• _Work required_: Set down every record below exactly as it stands.

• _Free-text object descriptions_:
* * * * *

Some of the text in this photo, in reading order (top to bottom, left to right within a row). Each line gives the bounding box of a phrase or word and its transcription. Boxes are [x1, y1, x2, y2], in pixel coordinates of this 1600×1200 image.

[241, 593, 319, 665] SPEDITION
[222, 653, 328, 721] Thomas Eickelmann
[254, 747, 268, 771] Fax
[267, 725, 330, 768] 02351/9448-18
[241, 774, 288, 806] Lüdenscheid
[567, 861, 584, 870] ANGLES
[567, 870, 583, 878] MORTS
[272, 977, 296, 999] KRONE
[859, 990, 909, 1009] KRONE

* * * * *

• _Answer space_:
Some of the text in this photo, in reading order (top to bottom, left to right within a row). Each line gives the bounding box of a phrase or word and its transcription. Boxes are [x1, y1, x2, y2], in pixel coordinates of this 1600×1200 image.

[241, 593, 319, 665] SPEDITION
[222, 653, 328, 721] Thomas Eickelmann
[254, 747, 268, 771] Fax
[267, 725, 330, 768] 02351/9448-18
[241, 774, 288, 806] Lüdenscheid
[567, 861, 584, 870] ANGLES
[567, 870, 583, 878] MORTS
[272, 977, 296, 999] KRONE
[859, 990, 909, 1009] KRONE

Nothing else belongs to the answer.